- Data records -
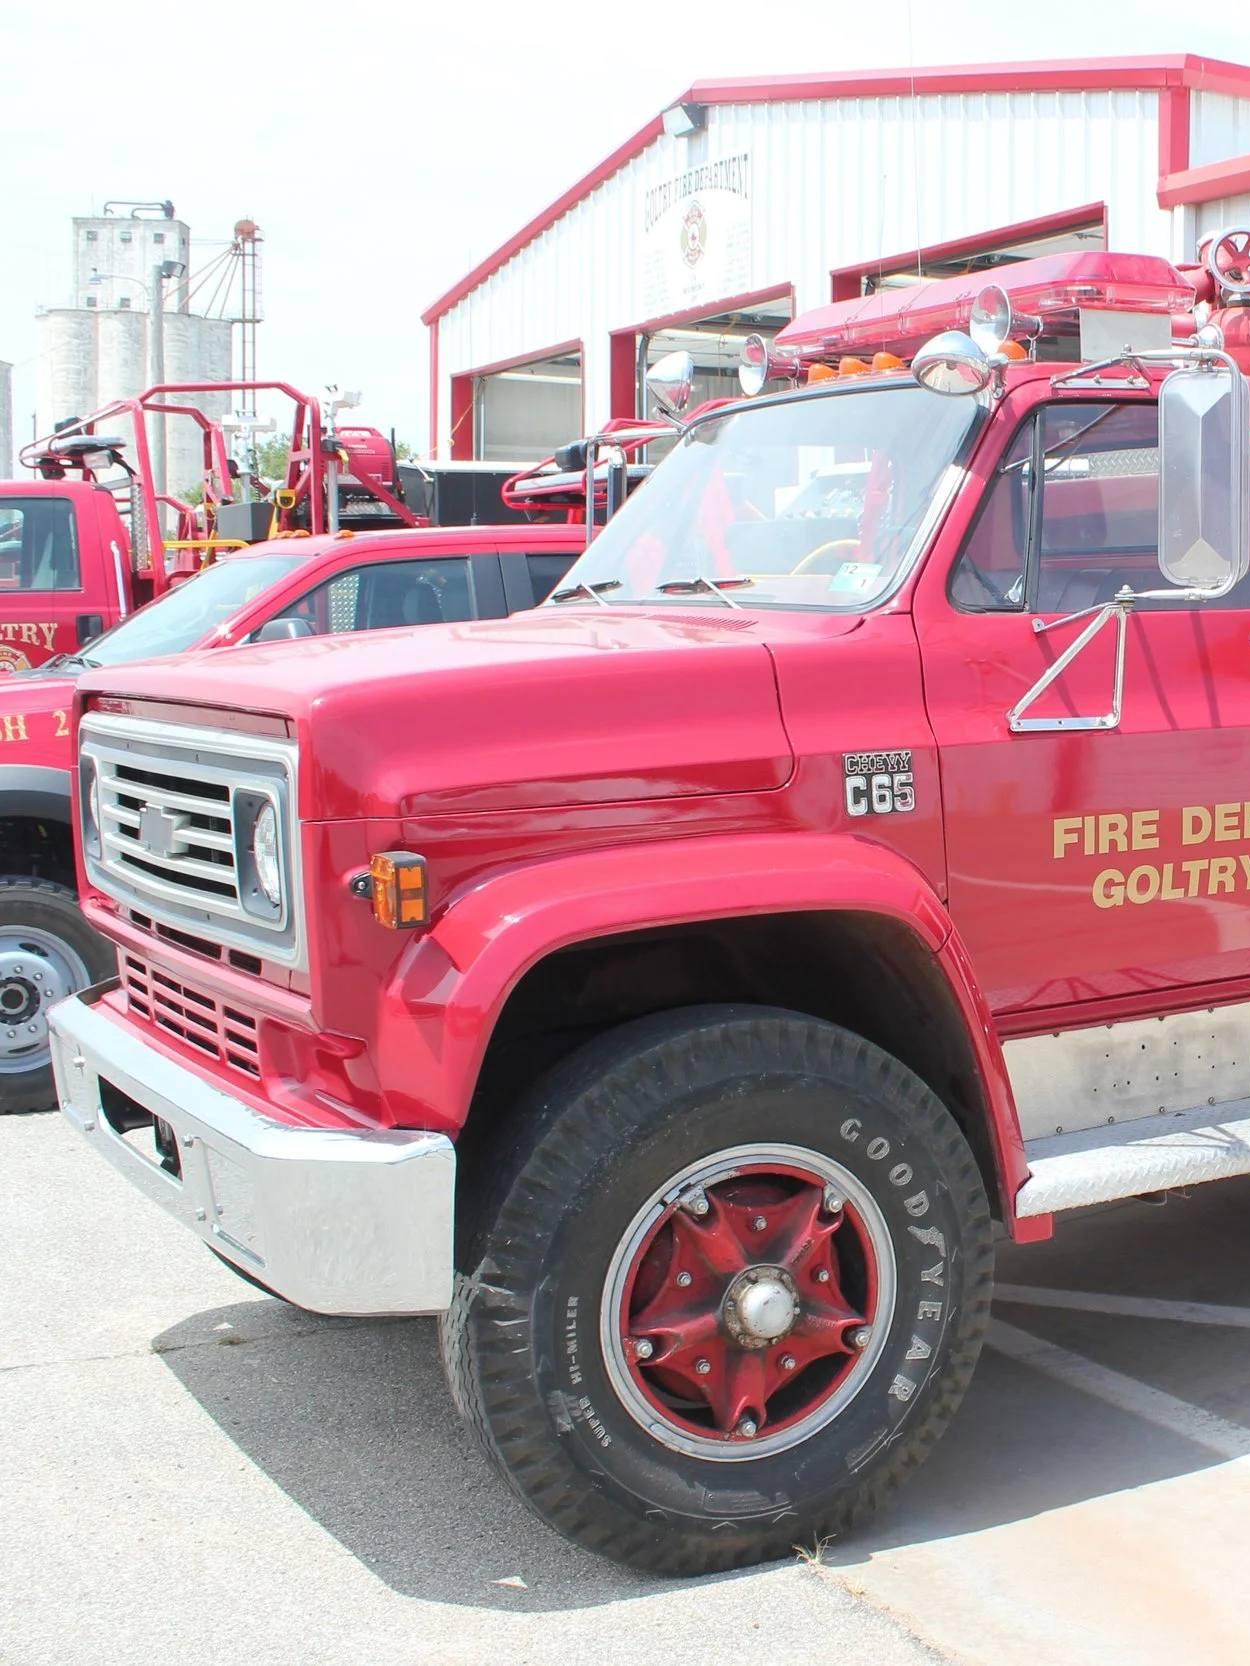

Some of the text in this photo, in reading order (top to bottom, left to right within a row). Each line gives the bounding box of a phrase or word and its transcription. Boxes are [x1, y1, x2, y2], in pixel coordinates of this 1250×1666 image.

[645, 153, 749, 234] GOLTRY FIRE DEPARTMENT
[0, 622, 58, 652] TRY
[0, 710, 70, 742] H 2
[844, 750, 912, 775] CHEVY
[845, 772, 916, 816] C65
[1053, 810, 1160, 859] FIRE
[839, 1117, 945, 1403] GOODYEAR
[565, 1295, 612, 1448] SUPER HI-MILER
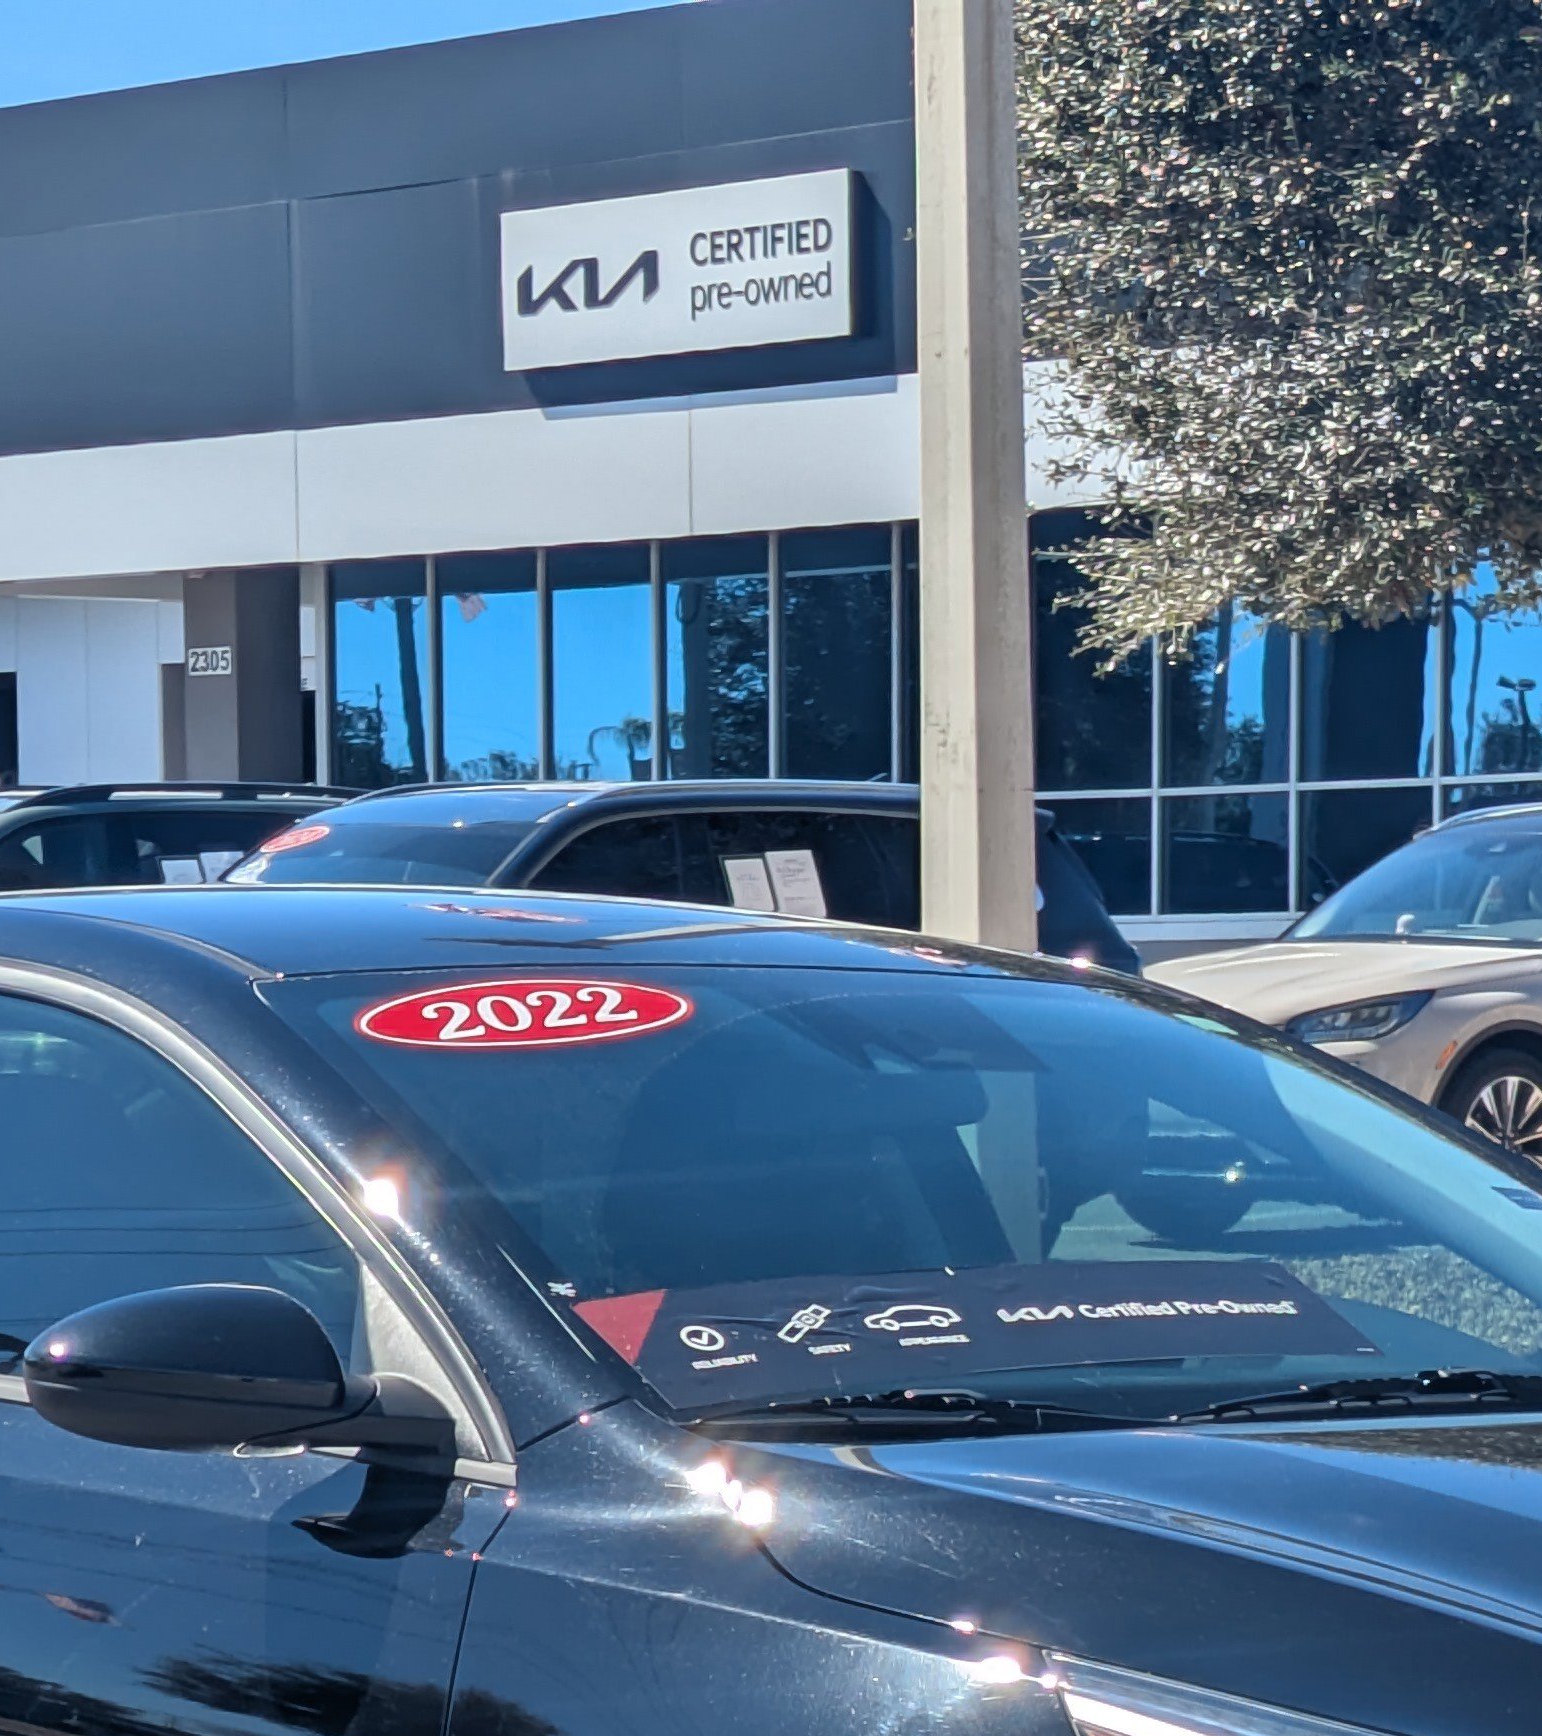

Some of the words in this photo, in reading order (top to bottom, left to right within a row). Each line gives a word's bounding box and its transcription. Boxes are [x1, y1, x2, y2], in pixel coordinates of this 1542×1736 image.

[690, 217, 833, 266] CERTIFIED
[517, 249, 660, 317] KIA
[690, 261, 833, 321] pre-owned
[190, 650, 230, 673] 2305
[421, 986, 640, 1041] 2022
[996, 1303, 1075, 1323] KIA
[1077, 1300, 1178, 1319] Certified
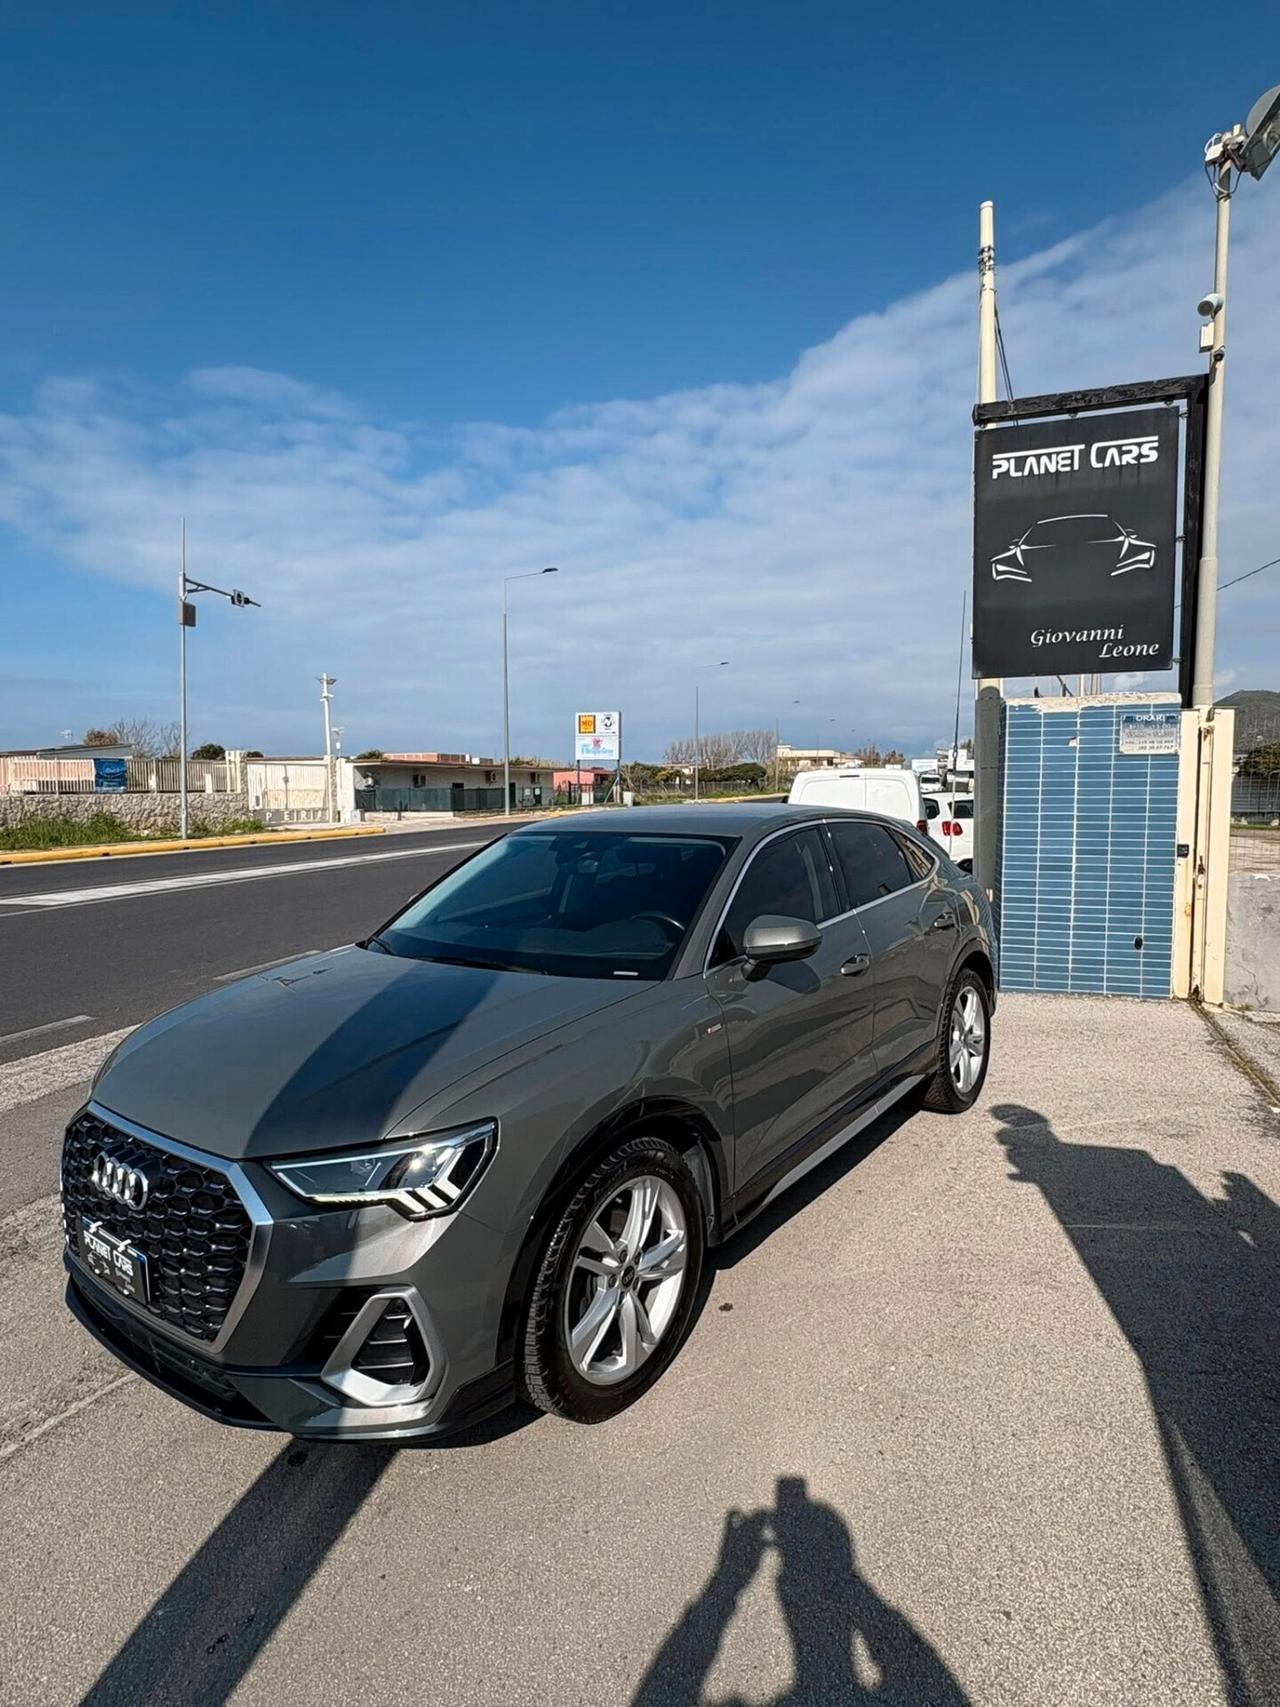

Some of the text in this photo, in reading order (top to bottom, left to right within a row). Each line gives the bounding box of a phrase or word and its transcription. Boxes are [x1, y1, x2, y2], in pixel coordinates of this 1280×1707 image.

- Exercise directions -
Copy out the material above in full and exactly; its pictures are not to appear.

- Exercise solution -
Some of the text in this photo, in reading order (top to bottom, left to right within a row). Each line gives the bounding box of a phrase or word and its transcription. Boxes are [x1, y1, x2, y2], in pixel coordinates of this 1250×1666 image.

[645, 153, 749, 234] GOLTRY FIRE DEPARTMENT
[0, 622, 58, 652] TRY
[0, 710, 70, 742] H 2
[844, 750, 912, 775] CHEVY
[845, 772, 916, 816] C65
[1053, 810, 1160, 859] FIRE
[839, 1117, 945, 1403] GOODYEAR
[565, 1295, 612, 1448] SUPER HI-MILER

Some of the words in this photo, in reading order (top to bottom, left to right within a row). Each line gives a word's bounding box and its transcription. Boxes are [x1, y1, x2, y2], in pixel coordinates of this 1542×1736 image.

[690, 217, 833, 266] CERTIFIED
[517, 249, 660, 317] KIA
[690, 261, 833, 321] pre-owned
[190, 650, 230, 673] 2305
[421, 986, 640, 1041] 2022
[996, 1303, 1075, 1323] KIA
[1077, 1300, 1178, 1319] Certified

Some of the text in this photo, in reading order (top to bottom, left to right within a row). Each line gives the bounding box of a phrase or word and its transcription. Boxes are [x1, y1, x2, y2], in pixel coordinates of this 1280×1707 image.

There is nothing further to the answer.